Pemerintah dan DPR bersepakat bahwa Pendidikan Karakter perlu
diprioritaskan untuk membangun bangsa yang maju. Sekolah dianggap sebagai
tempat yang strategis untuk penyemaian pendidikan karaker. Tahun 2011,
Balitbang Kementerian Pendidikan Nasional (sekarang: Kementerian Pendidikan dan
Kebudayaan), mengeluarkan buku kecil berjudul “Panduan Pelaksanaan
Pendidikan Karakter”.
Dalam
pengantar buku tersebut, Kabalitbang Kemendiknas menulis: “Pendidikan
karakter ditempatkan sebagai landasan untuk mewujudkan visi pembangunan
nasional, yaitu mewujudkan masyarakat berakhlak mulia, bermoral, beretika,
berbudaya, dan beradab berdasarkan falsafah Pancasila. Hal ini sekaligus
menjadi upaya untuk mendukung perwujudan cita-cita sebagaimana diamanatkan
dalam Pancasila dan Pembukaan UUD 1945.”
Menjadikan
Pancasila sebagai pedoman pembentukan karakter bangsa akan menimbulkan
persoalan serius, karena akan membenturkan Pancasila dengan agama. Pancasila
seyogyanya tidak dijadikan sebagai landasan amal, akhlak, atau karakter. Sebab,
itu adalah wilayah agama. Jika Pancasila akan ditempatkan sebagai pedoman
karakter atau moral, maka akan menjadi pedoman baru, yang berbenturan dengan
posisi agama. Hal itu tidak akan berhasil, sebab Pancasila tidak memiliki sosok
panutan ideal yang bisa dijadikan contoh dalam pembentukan karakter. Berbeda
dengan Islam, yang memiliki suri tauladan yang jelas dan abadi, yaitu Nabi
Muhammad ShallaLlahu ‘alaihi wa Sallama.
Seharusnya,
bangsa Indonesia mau belajar dari kegagalan Orde Baru dalam upaya penempatan
Pancasila sebagai pedoman amal. Upaya pemerintah Orde Baru untuk menempatkan
Pancasila menjadi landasan moral dilakukan melalui sosialisasi dan indoktrinasi
Pendidikan Moral Pancasila (PMP) dan Pedoman Penghayatan dan Pengamalan
Pancasila (P4).
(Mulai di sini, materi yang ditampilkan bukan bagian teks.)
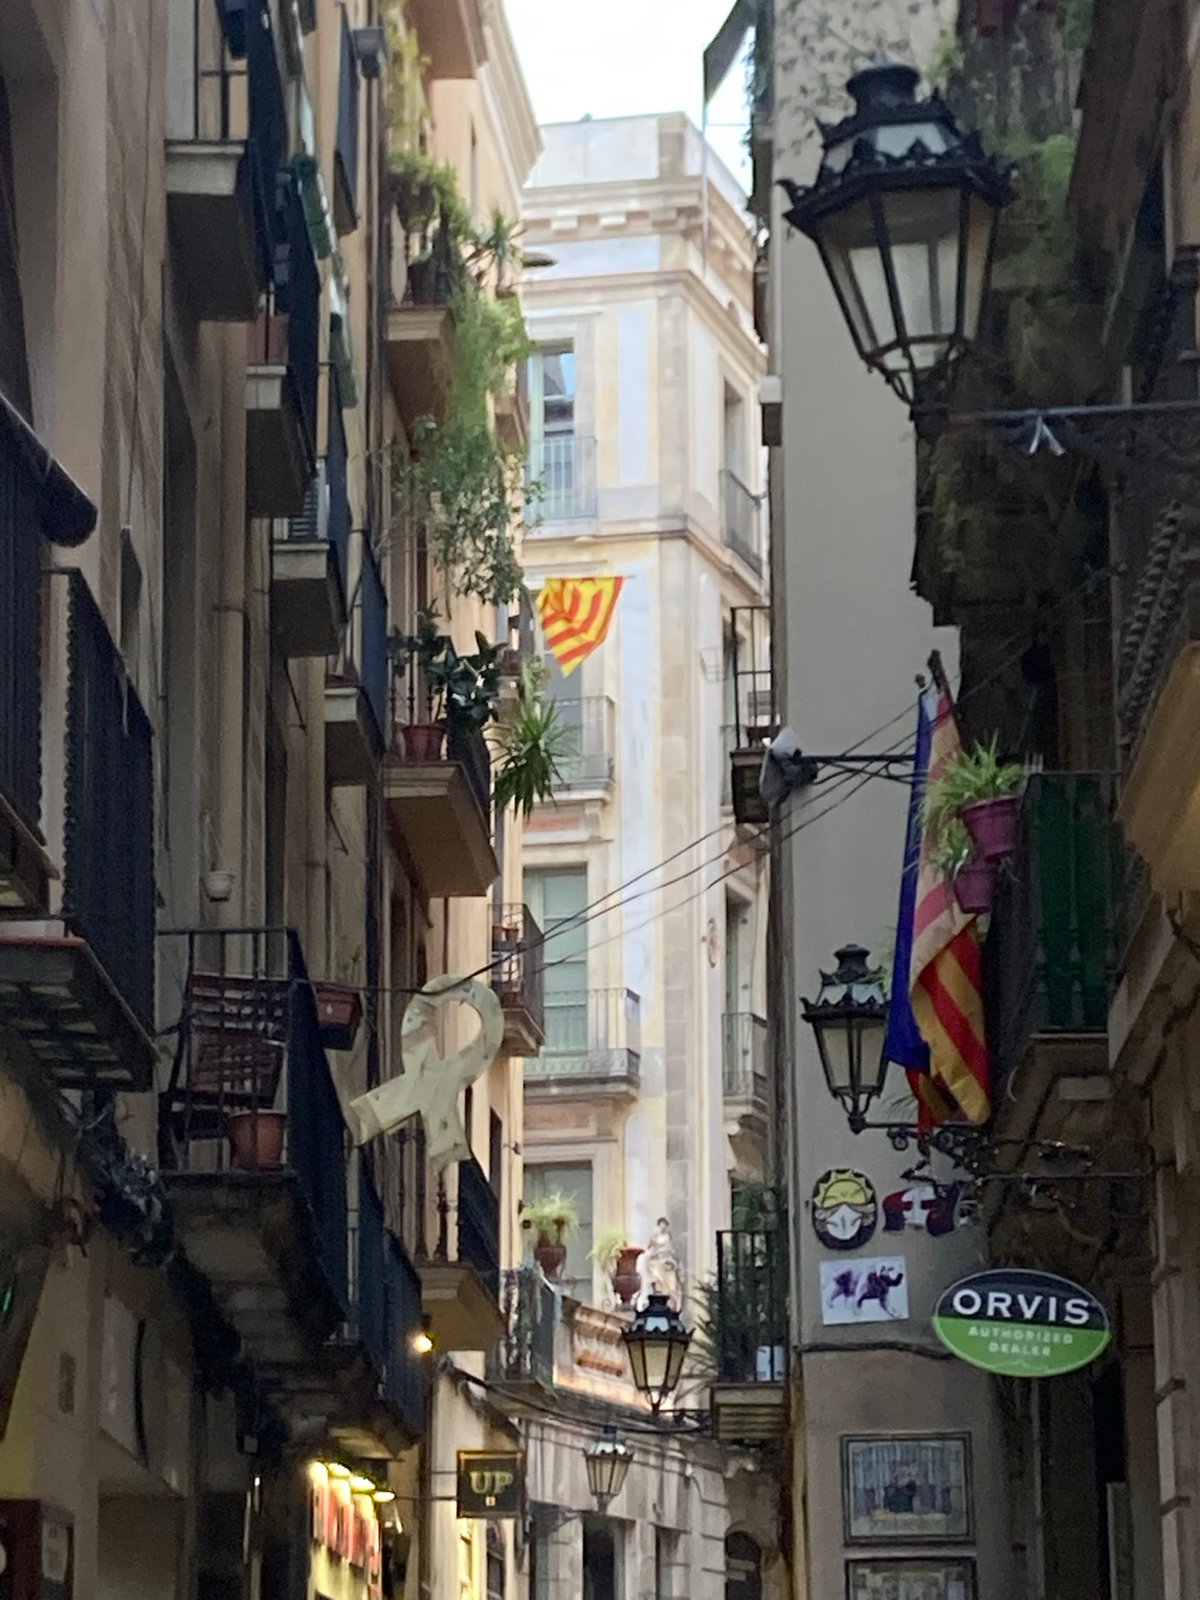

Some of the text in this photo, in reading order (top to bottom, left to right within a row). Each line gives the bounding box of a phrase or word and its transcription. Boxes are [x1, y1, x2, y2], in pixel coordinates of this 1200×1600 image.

[953, 1289, 1090, 1324] ORVIS
[968, 1326, 1073, 1344] AUTHORIZED
[989, 1343, 1051, 1357] DEALER
Tahun 1978, Partai Persatuan Pembangunan menolak pengesahan Tap
MPR tentang P4. Tokoh Masyumi Sjafroedin Prawiranegara juga berkirim surat
kepada Presiden Soeharto tanggal 7 Juli 1983, yang menyatakan, bahwa tidak ada
yang namanya moralitas Pancasila, karena urusan moral sudah ada dalam agama
masing-masing. Sjafroedin menekankan, bahwa Pancasila adalah asas negara dan
landasan konstitusi.
Musyawarah
Nasional (Munas) Alim Ulama Nahdlatul Ulama di Situbondo, Jawa Timur, 16 Rabiul
Awwal 1404 H/21 Desember 1983 memutuskan sebuah Deklarasi tentang Hubungan
Pancasila dengan Islam, yang antara lain menegaskan: (1) Pancasila
sebagai dasar dan falsafah negara Republik Indonesia bukanlah agama, tidak
dapat menggantikan agama dan tidak dapat dipergunakan untuk menggantikan
kedudukan agama. (2) Sila “Ketuhanan Yang Maha Esa” sebagai dasar Negara
Republik Indonesia menurut pasal 29 ayat 1 Undang-undang Dasar (UUD) 1945, yang
menjiwai sila yang lain, mencerminkan tauhid menurut pengertian keimanan dalam
Islam. (3) Bagi Nahdlatul Ulama (NU) Islam adalah akidah dan syariah, meliputi aspek hubungan manusia dengan Allah
dan hubungan antarmanusia. (Lihat, pengantar K.H. A. Mustofa Bisri berjudul
“Pancasila Kembali” untuk buku As’ad Said Ali, Negara Pancasila, Jalan
Kemaslahatan Berbangsa, (Jakarta: LP3ES, 2009). Lihat juga, Munawar Fuad
Noeh dan Mastuki HS (ed), Menghidupkan Pemikiran KH Achmad Siddiq,
(Jakarta: Pustaka Gramedia Utama, 2002), hal. 118-145).
Karena
itu, sudah sepatutnya, pendidikan karakter di Indonesia memang didasarkan
kepada konsep Tauhid, sehingga memiliki landasan, konsep, dan teladan (uswatun
hasanah) yang jelas. Sebagai aplikasinya, misalnya, karakter
”toleransi”, harus diberi batasan, bahwa umat Islam tidak boleh
bertoleran terhadap kemusyrikan dan kemunkaran. Dalam tataran kebangsaan, sudah
sepatutnya, negara tidak menfasilitasi berkembangnya paham-paham syirik yang
bertentangan dengan konsep Tauhid. Maka, keliru, jika atas nama semangat
Pancasila siswa diajarkan agar bertoleran terhadap segala bentuk aliran sesat yang jelas-jelas merupakan suatu
kemungkaran.
Yang benar
adalah, negara wajib melindungi segenap warganya, khususnya warga Muslim, agar
tidak mengikuti paham syirik dan kemungkaran. Yang terjangkit penyakit syirik,
diupayakan agar bertobat. Bukan malah dikembangkan dengan alasan itu merupakan
“local wisdom (kearifan lokal)”. Anak-anak Muslim perlu ditanamkan untuk
memiliki karakter yang kuat dalam bertoleransi, tetapi tanpa merusak
keimanannya dan tetap didorong untuk aktif menjalankan kewajiban dakwah, yakni
malaksanakan amar ma’ruf nahi munkar. WaLlahu A’lam bi Shawab.